* HOW TO COMPLETE THIS TASK:
What follows is a listing. Write it all out exactly.

* EXERCISE DATA:
..........

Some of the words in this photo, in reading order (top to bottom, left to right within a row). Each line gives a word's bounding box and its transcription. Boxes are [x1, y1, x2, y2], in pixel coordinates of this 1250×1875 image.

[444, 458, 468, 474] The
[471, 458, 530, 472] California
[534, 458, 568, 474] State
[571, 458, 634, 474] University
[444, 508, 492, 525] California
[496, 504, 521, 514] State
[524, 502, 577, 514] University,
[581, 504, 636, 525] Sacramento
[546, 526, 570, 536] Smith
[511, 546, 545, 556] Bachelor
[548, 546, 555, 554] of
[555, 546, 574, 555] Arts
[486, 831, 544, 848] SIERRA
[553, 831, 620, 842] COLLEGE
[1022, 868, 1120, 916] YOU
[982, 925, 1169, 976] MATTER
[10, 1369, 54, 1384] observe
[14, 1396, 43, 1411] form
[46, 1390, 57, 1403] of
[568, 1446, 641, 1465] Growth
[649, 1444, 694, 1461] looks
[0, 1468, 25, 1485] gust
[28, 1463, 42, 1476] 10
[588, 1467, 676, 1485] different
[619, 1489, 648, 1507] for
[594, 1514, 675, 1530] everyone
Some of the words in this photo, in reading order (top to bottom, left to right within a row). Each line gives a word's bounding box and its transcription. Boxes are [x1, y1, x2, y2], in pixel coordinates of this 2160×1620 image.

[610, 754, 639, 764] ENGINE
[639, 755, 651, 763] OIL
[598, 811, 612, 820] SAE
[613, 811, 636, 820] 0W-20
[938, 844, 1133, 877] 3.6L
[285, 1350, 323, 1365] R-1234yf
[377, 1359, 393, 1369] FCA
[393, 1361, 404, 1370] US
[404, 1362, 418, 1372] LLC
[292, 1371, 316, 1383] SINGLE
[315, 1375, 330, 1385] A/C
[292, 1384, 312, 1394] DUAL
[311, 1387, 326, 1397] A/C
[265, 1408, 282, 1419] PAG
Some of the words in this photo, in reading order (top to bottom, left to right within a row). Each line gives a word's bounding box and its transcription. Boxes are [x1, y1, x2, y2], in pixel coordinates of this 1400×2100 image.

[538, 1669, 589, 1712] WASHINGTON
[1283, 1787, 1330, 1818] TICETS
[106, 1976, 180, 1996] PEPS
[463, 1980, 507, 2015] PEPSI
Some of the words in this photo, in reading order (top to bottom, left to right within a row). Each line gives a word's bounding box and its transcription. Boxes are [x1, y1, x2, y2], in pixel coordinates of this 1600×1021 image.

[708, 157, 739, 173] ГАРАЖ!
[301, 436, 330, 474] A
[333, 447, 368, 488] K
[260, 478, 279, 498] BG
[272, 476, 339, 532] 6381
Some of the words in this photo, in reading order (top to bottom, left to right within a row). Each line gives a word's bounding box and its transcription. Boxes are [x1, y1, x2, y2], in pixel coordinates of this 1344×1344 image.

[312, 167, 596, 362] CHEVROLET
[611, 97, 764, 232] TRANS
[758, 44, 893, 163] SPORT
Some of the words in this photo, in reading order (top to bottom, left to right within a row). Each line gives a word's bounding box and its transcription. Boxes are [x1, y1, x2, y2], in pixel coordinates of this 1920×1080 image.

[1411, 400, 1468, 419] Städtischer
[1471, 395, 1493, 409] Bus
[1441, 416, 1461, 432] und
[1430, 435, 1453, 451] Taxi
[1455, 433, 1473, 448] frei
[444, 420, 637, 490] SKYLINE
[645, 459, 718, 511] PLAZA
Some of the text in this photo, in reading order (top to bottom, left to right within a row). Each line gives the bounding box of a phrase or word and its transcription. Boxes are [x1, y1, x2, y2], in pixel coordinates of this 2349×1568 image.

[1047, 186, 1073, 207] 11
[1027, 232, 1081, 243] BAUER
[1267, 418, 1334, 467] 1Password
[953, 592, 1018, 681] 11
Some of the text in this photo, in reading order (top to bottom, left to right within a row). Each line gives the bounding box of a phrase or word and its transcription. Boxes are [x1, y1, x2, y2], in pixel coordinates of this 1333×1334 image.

..........

* ANSWER TO THE PROBLEM:
Some of the words in this photo, in reading order (top to bottom, left to right within a row). Each line gives a word's bounding box and its transcription. Boxes are [x1, y1, x2, y2], in pixel coordinates of this 1250×1875 image.

[444, 458, 468, 474] The
[471, 458, 530, 472] California
[534, 458, 568, 474] State
[571, 458, 634, 474] University
[444, 508, 492, 525] California
[496, 504, 521, 514] State
[524, 502, 577, 514] University,
[581, 504, 636, 525] Sacramento
[546, 526, 570, 536] Smith
[511, 546, 545, 556] Bachelor
[548, 546, 555, 554] of
[555, 546, 574, 555] Arts
[486, 831, 544, 848] SIERRA
[553, 831, 620, 842] COLLEGE
[1022, 868, 1120, 916] YOU
[982, 925, 1169, 976] MATTER
[10, 1369, 54, 1384] observe
[14, 1396, 43, 1411] form
[46, 1390, 57, 1403] of
[568, 1446, 641, 1465] Growth
[649, 1444, 694, 1461] looks
[0, 1468, 25, 1485] gust
[28, 1463, 42, 1476] 10
[588, 1467, 676, 1485] different
[619, 1489, 648, 1507] for
[594, 1514, 675, 1530] everyone
Some of the words in this photo, in reading order (top to bottom, left to right within a row). Each line gives a word's bounding box and its transcription. Boxes are [x1, y1, x2, y2], in pixel coordinates of this 2160×1620 image.

[610, 754, 639, 764] ENGINE
[639, 755, 651, 763] OIL
[598, 811, 612, 820] SAE
[613, 811, 636, 820] 0W-20
[938, 844, 1133, 877] 3.6L
[285, 1350, 323, 1365] R-1234yf
[377, 1359, 393, 1369] FCA
[393, 1361, 404, 1370] US
[404, 1362, 418, 1372] LLC
[292, 1371, 316, 1383] SINGLE
[315, 1375, 330, 1385] A/C
[292, 1384, 312, 1394] DUAL
[311, 1387, 326, 1397] A/C
[265, 1408, 282, 1419] PAG
Some of the words in this photo, in reading order (top to bottom, left to right within a row). Each line gives a word's bounding box and its transcription. Boxes are [x1, y1, x2, y2], in pixel coordinates of this 1400×2100 image.

[538, 1669, 589, 1712] WASHINGTON
[1283, 1787, 1330, 1818] TICETS
[106, 1976, 180, 1996] PEPS
[463, 1980, 507, 2015] PEPSI
Some of the words in this photo, in reading order (top to bottom, left to right within a row). Each line gives a word's bounding box and its transcription. Boxes are [x1, y1, x2, y2], in pixel coordinates of this 1600×1021 image.

[708, 157, 739, 173] ГАРАЖ!
[301, 436, 330, 474] A
[333, 447, 368, 488] K
[260, 478, 279, 498] BG
[272, 476, 339, 532] 6381
Some of the words in this photo, in reading order (top to bottom, left to right within a row). Each line gives a word's bounding box and its transcription. Boxes are [x1, y1, x2, y2], in pixel coordinates of this 1344×1344 image.

[312, 167, 596, 362] CHEVROLET
[611, 97, 764, 232] TRANS
[758, 44, 893, 163] SPORT
Some of the words in this photo, in reading order (top to bottom, left to right within a row). Each line gives a word's bounding box and its transcription. Boxes are [x1, y1, x2, y2], in pixel coordinates of this 1920×1080 image.

[1411, 400, 1468, 419] Städtischer
[1471, 395, 1493, 409] Bus
[1441, 416, 1461, 432] und
[1430, 435, 1453, 451] Taxi
[1455, 433, 1473, 448] frei
[444, 420, 637, 490] SKYLINE
[645, 459, 718, 511] PLAZA
Some of the text in this photo, in reading order (top to bottom, left to right within a row). Each line gives the bounding box of a phrase or word and its transcription. Boxes are [x1, y1, x2, y2], in pixel coordinates of this 2349×1568 image.

[1047, 186, 1073, 207] 11
[1027, 232, 1081, 243] BAUER
[1267, 418, 1334, 467] 1Password
[953, 592, 1018, 681] 11
Some of the text in this photo, in reading order (top to bottom, left to right within a row). Each line gives the bounding box of a phrase or word and its transcription. Boxes are [x1, y1, x2, y2], in pixel coordinates of this 1333×1334 image.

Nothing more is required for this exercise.